EXCERPTED RECORDS ::

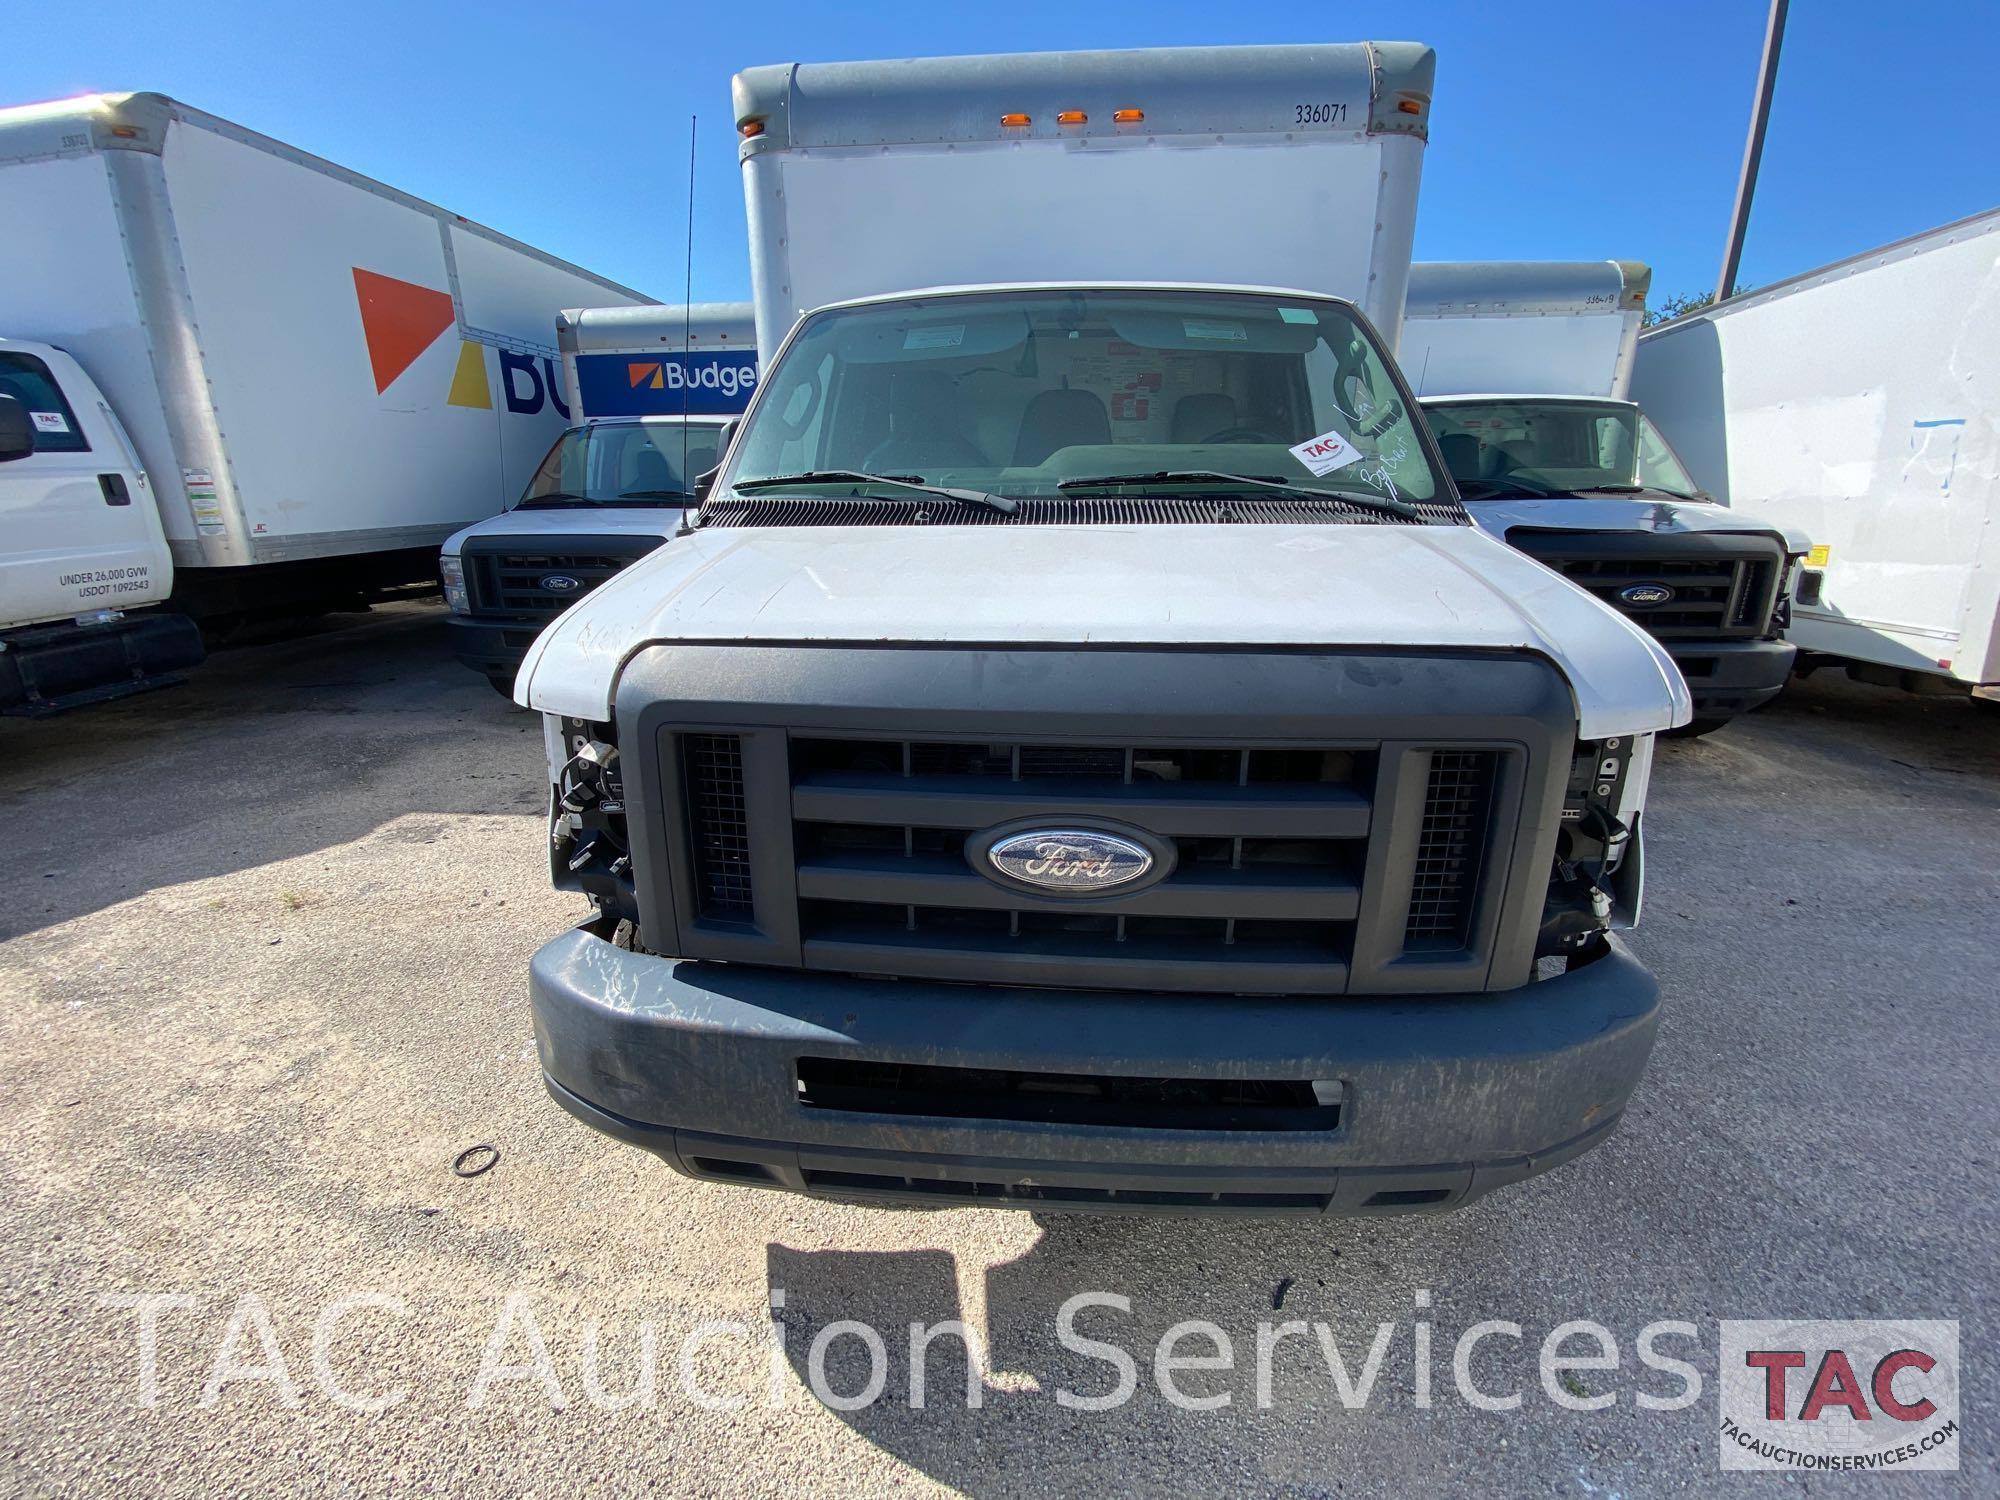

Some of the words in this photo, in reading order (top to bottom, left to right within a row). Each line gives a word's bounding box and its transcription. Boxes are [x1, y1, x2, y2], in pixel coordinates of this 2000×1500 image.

[1296, 104, 1346, 123] 336071
[37, 415, 59, 423] TAC
[1302, 438, 1339, 458] TAC
[60, 573, 93, 586] UNDER
[95, 569, 124, 582] 26,000
[127, 567, 148, 578] GVW
[79, 585, 110, 597] USDOT
[113, 580, 149, 593] 1092543
[1025, 842, 1115, 878] Ford
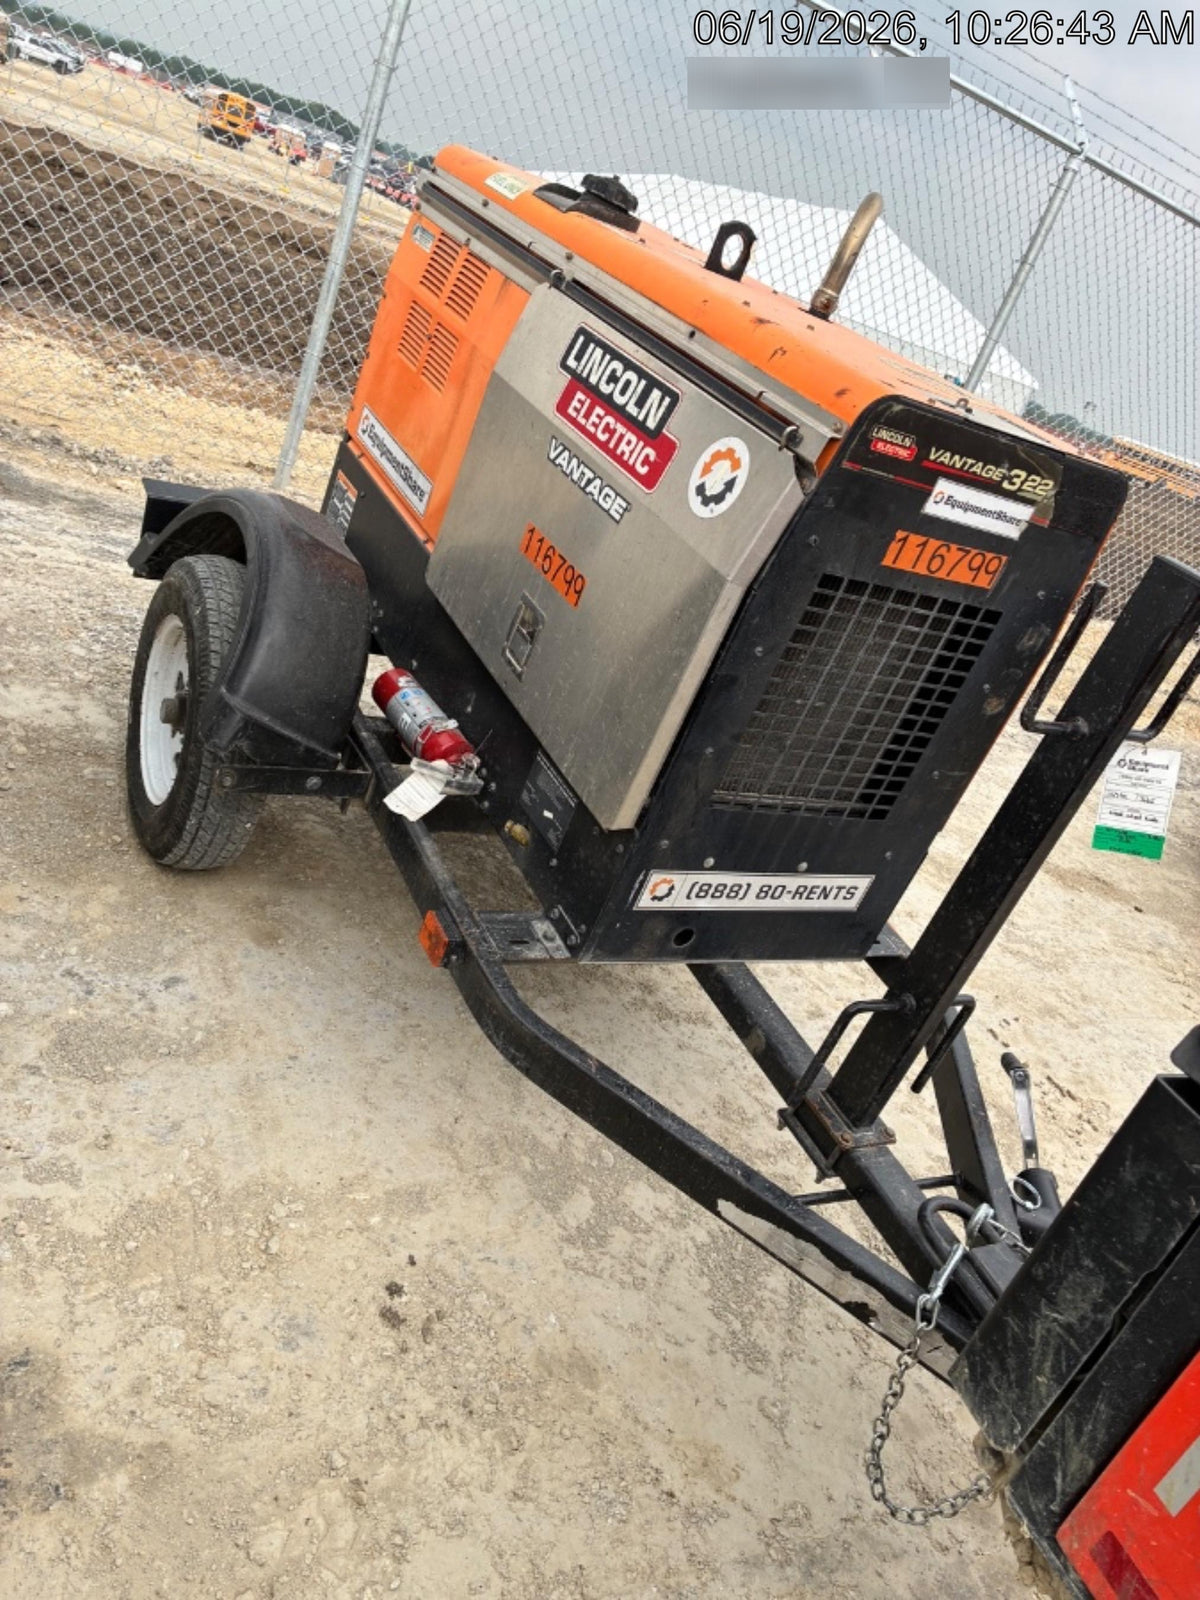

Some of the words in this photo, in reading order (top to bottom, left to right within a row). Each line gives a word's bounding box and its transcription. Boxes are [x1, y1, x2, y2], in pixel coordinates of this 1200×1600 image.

[566, 335, 671, 431] LINCOLN
[566, 390, 656, 475] ELECTRIC
[872, 426, 914, 448] LINCOLN
[875, 441, 912, 459] ELECTRIC
[367, 422, 426, 503] EquipmentShare
[548, 436, 630, 522] VANTAGE
[928, 446, 1009, 481] VANTAGE
[1002, 468, 1055, 497] 322
[943, 495, 1022, 528] EquipmentShare
[523, 527, 586, 607] 116799
[891, 534, 1003, 587] 116799
[686, 881, 752, 901] (888)
[755, 884, 859, 901] 80-RENTS
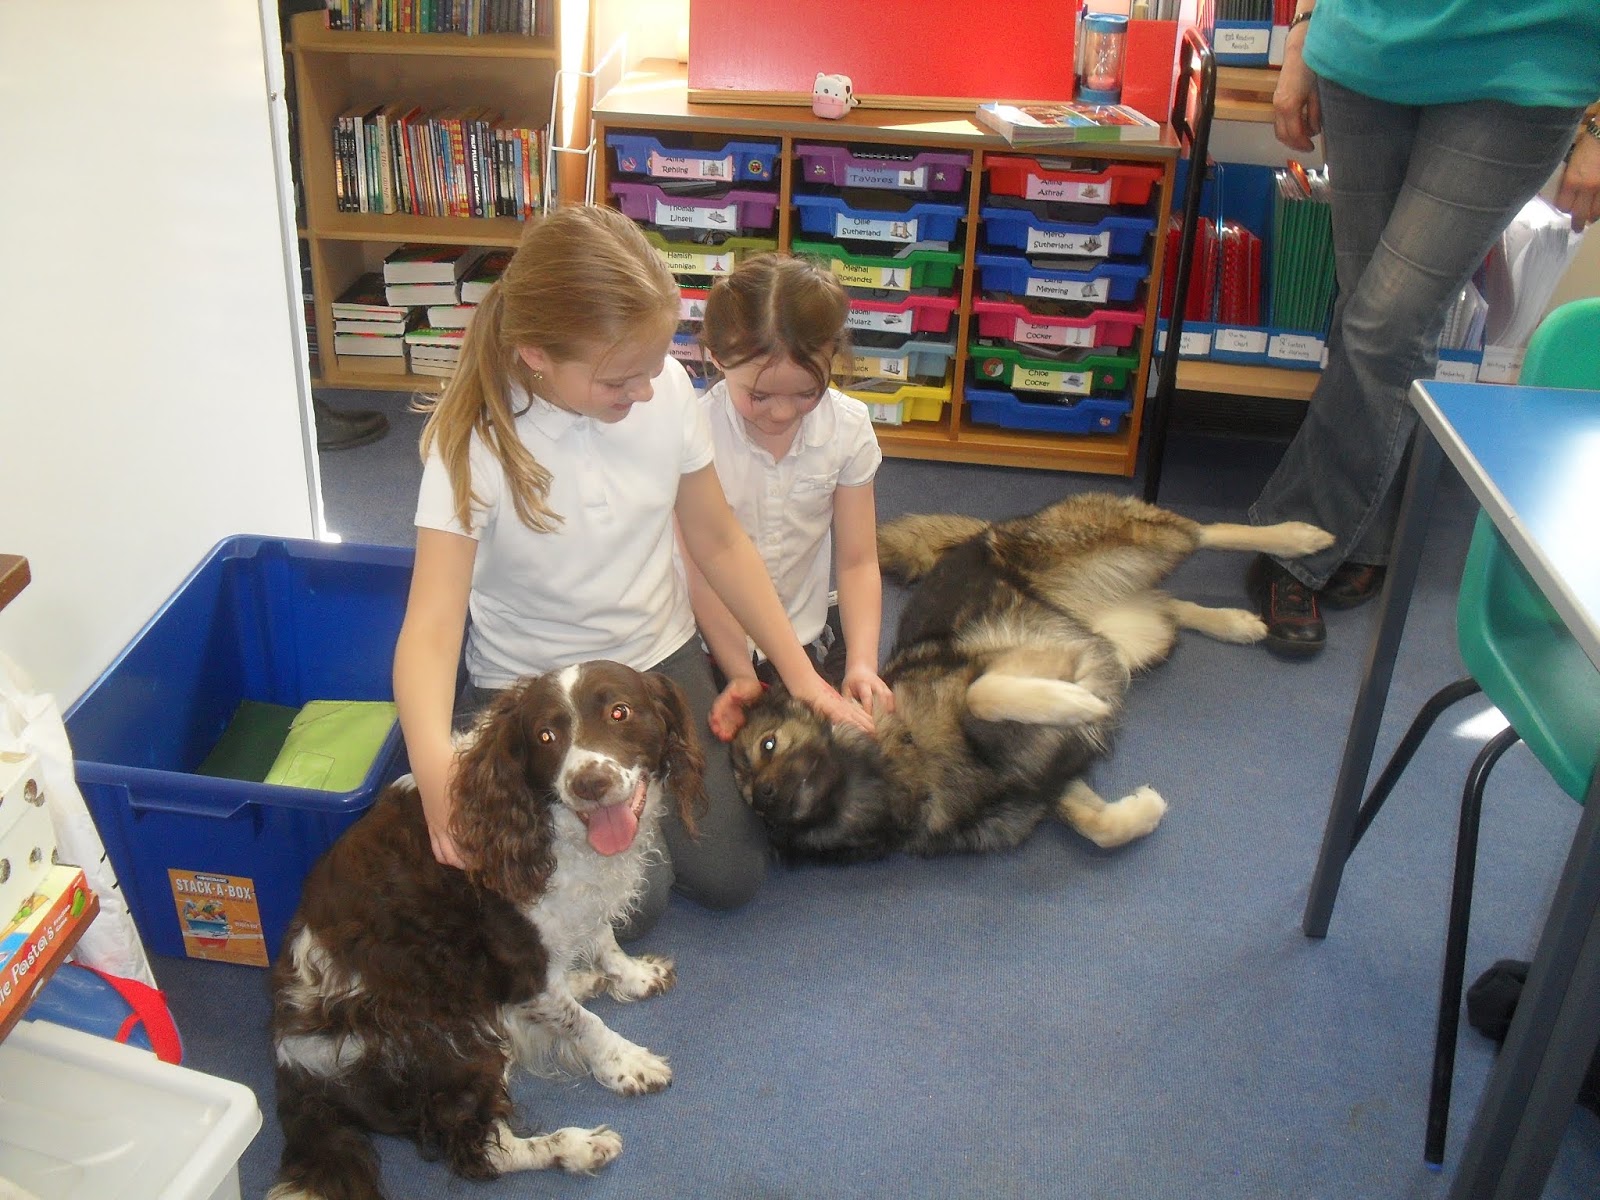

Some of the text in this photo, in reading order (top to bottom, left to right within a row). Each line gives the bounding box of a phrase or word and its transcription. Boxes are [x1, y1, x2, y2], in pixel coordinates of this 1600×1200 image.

[471, 150, 479, 172] PULLMAN
[850, 174, 893, 184] Tavares
[1037, 188, 1064, 198] Ashraf
[669, 205, 695, 213] Thomas
[841, 227, 882, 237] Sutherland
[1033, 240, 1074, 250] Sutherland
[667, 251, 693, 260] Hamish
[1036, 285, 1069, 296] Meyering
[1028, 369, 1049, 377] Chloe
[1024, 379, 1050, 387] Cocker
[11, 926, 54, 986] Pasta's
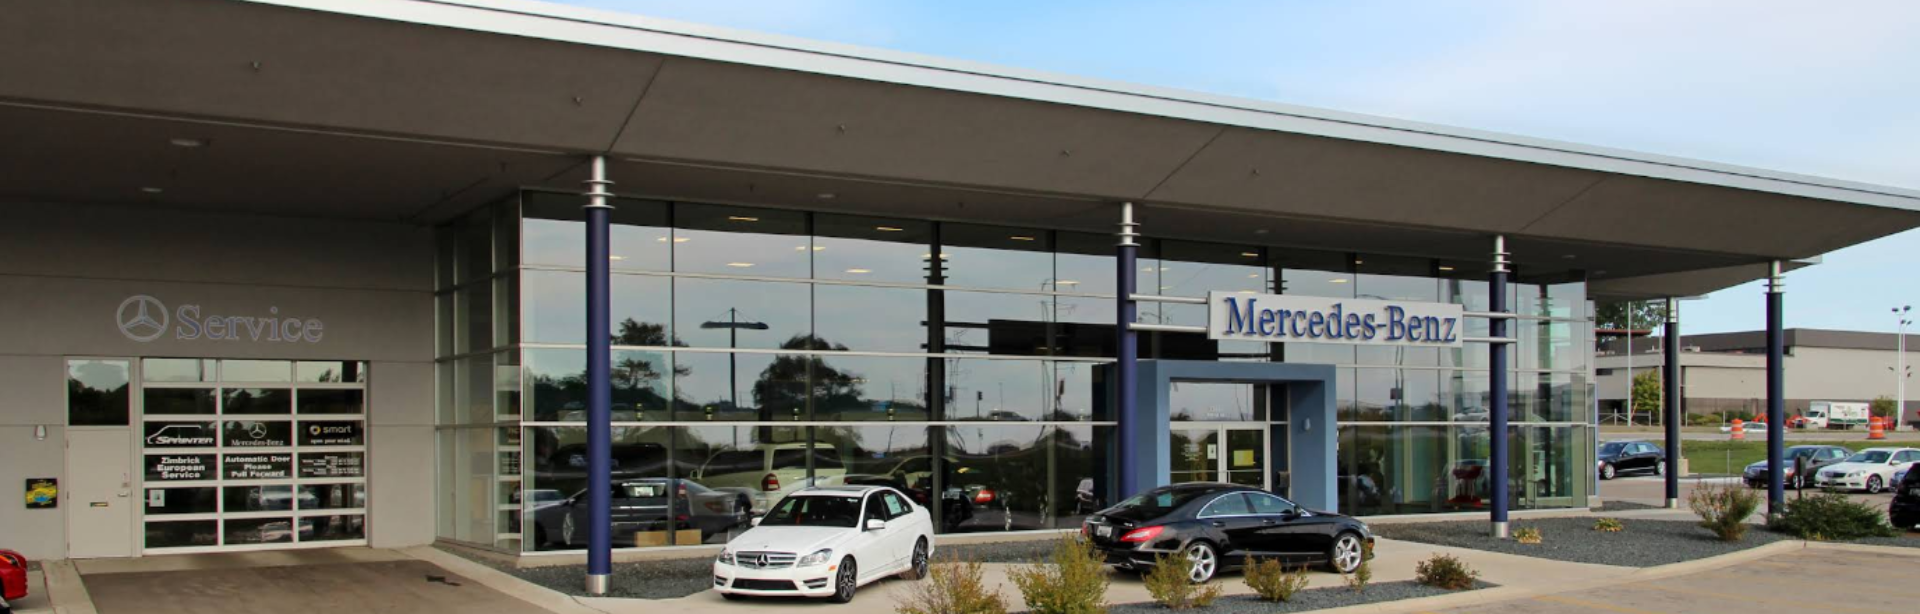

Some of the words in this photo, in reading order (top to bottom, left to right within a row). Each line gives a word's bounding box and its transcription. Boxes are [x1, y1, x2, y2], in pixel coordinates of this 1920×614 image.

WHAT YOU NEED TO DO ::
Please repeat the entries exactly. Do not include the pictures.

TASK OUTPUT ::
Some of the words in this photo, in reading order (top to bottom, left to right within a row). Each line gives a word's bounding box and its transcription. Boxes are [x1, y1, x2, y2], in pixel coordinates of this 2000×1500 image.

[1296, 104, 1346, 123] 336071
[37, 415, 59, 423] TAC
[1302, 438, 1339, 458] TAC
[60, 573, 93, 586] UNDER
[95, 569, 124, 582] 26,000
[127, 567, 148, 578] GVW
[79, 585, 110, 597] USDOT
[113, 580, 149, 593] 1092543
[1025, 842, 1115, 878] Ford

Some of the words in this photo, in reading order (top to bottom, left to right within a row). Each line gives a word's bounding box and its transcription. Boxes are [x1, y1, x2, y2], in pixel coordinates of this 1200×1600 image.

[566, 335, 671, 431] LINCOLN
[566, 390, 656, 475] ELECTRIC
[872, 426, 914, 448] LINCOLN
[875, 441, 912, 459] ELECTRIC
[367, 422, 426, 503] EquipmentShare
[548, 436, 630, 522] VANTAGE
[928, 446, 1009, 481] VANTAGE
[1002, 468, 1055, 497] 322
[943, 495, 1022, 528] EquipmentShare
[523, 527, 586, 607] 116799
[891, 534, 1003, 587] 116799
[686, 881, 752, 901] (888)
[755, 884, 859, 901] 80-RENTS

Some of the text in this photo, in reading order (top to bottom, left to right within a row). Each line gives the bounding box of a phrase or word and its transcription. Boxes are [x1, y1, x2, y2], in pixel coordinates of this 1600×1200 image.

[471, 150, 479, 172] PULLMAN
[850, 174, 893, 184] Tavares
[1037, 188, 1064, 198] Ashraf
[669, 205, 695, 213] Thomas
[841, 227, 882, 237] Sutherland
[1033, 240, 1074, 250] Sutherland
[667, 251, 693, 260] Hamish
[1036, 285, 1069, 296] Meyering
[1028, 369, 1049, 377] Chloe
[1024, 379, 1050, 387] Cocker
[11, 926, 54, 986] Pasta's

Some of the words in this photo, in reading order (top to bottom, left to right within a row). Each line gives a word's bounding box and its transcription. Boxes are [x1, y1, x2, y2], in pixel coordinates of this 1920×614 image.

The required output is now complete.